I’m currently working on an album of original jazz, providing links between local venue promoters and fresh new talent and collaborating with music departments at both universities to help support students’ integration into the local music scene. As well as session work and recording projects, I also play at public and private events and help to run weekly and monthly open mic and jam sessions, including one for musicians aged under 18, which has been made possible with support from Southampton Music Hub and Arts Council England. 

A few career highlights include a decade-long residency at Glastonbury Festival, a live performance on BBC2’s Later…with Jools Holland, working with top artists such as Usher and Alexandra Burke, and jamming with some of my heroes including Marcus Miller, India Arie, Roy Hargrove and Isaiah Sharkey.

Jazz for me is a unique discipline as it offers the performers the chance to interpret material in a manner that is entirely unique to each performance, drawing on influences from their surroundings, audience, personal experience and even decisions made in the moment by other musicians onstage.

It offers an opportunity to create endless new and exciting versions of repertoire and allows performers to search within themselves for their own authentic expression, which can deeply connect with members of an audience on a personal level. Musically I really enjoy the challenge of live improvisation, the rich tapestry of harmonic techniques that the genre indulges in, and the rhythmic counterpoint and syncopation between parts. What I love most about jazz is that by its very nature its evolution is endless, and it has something in common with every other style of music. 

I was approached by Claire Whitaker, the CEO of Southampton Forward, last winter for consultations about Jazz Story, a show that celebrates Southampton’s connections with jazz. She shared an overview of the narrative that community leader.  

Don John had drafted along with the musician and agent Olu Rowe and the founder of the Concorde Club, Cole Mathieson.

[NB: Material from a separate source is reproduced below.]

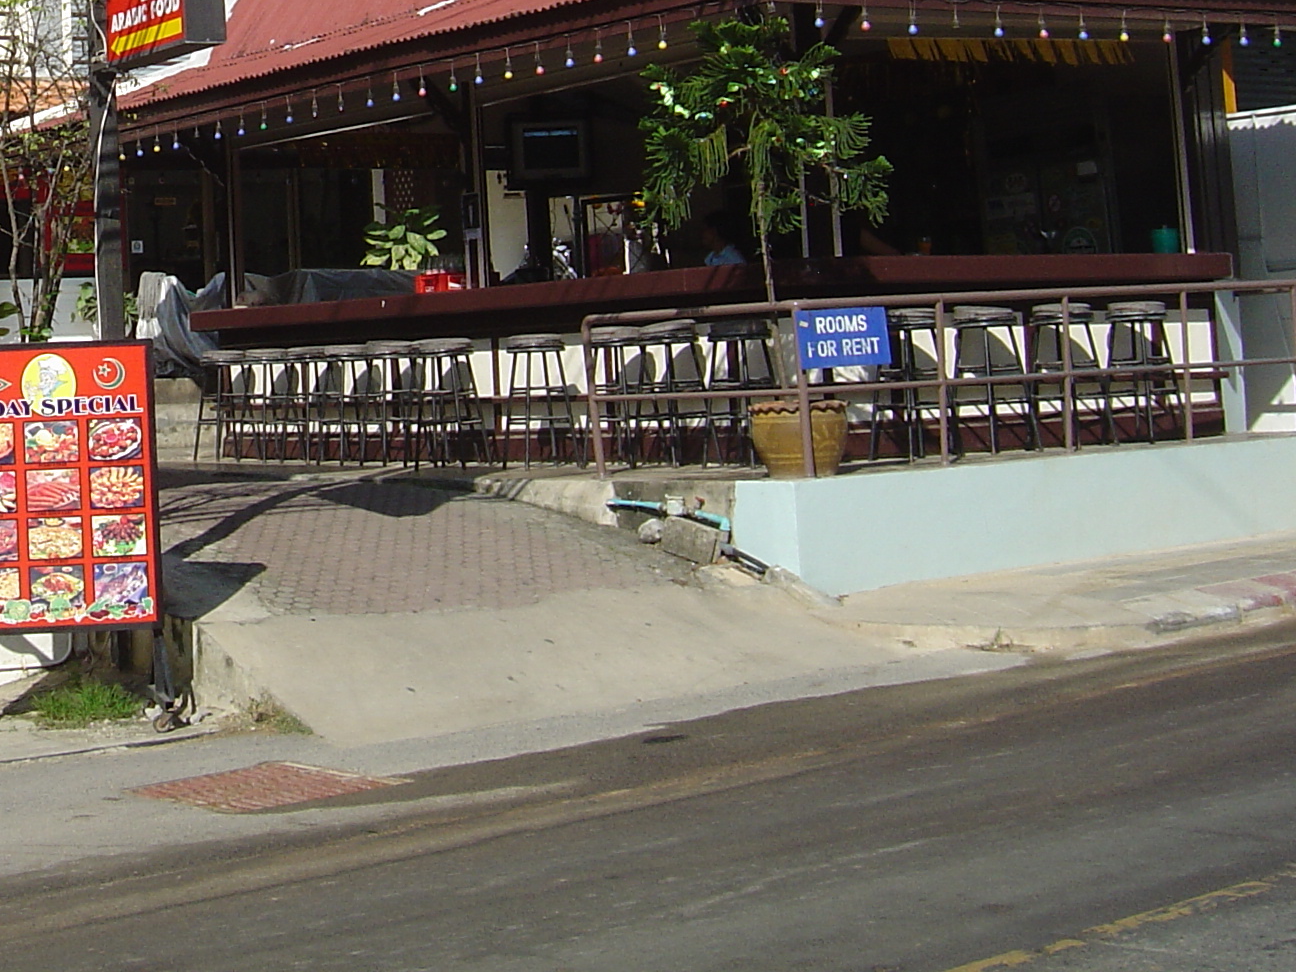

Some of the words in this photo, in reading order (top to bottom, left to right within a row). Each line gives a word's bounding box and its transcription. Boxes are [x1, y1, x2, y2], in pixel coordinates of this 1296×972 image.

[815, 314, 868, 335] ROOMS
[842, 337, 880, 356] RENT
[40, 395, 144, 417] SPECIAL

The project really took my interest, and I became excited to help this story unfold. In addition to performing on piano at the event, I have also had a role in recommending and liaising with most of the instrumentalists for the concert. I felt very strongly that the ensemble should reflect the city’s immense pool of musical talent, and with only one exception all the professional musicians I recommended are from Southampton. Most currently live and work here as well.

I wouldn’t want to give away too much about the show, but it’s been really interesting to learn about the connection this city has with some of the major household names of jazz, and how much of a cultural impact jazz has had on the city in general outside of the music industry itself. Similar stories could be told about other styles of music (and I very much hope they will) but the relationship Southampton’s culture has had with jazz is certainly quite unique. I’d recommend this show to anyone who enjoys live music, has an interest in local history, wants to learn more about the city or just fancies a good night out! 

Jazz Story is at Mayflower Studios on 18th October.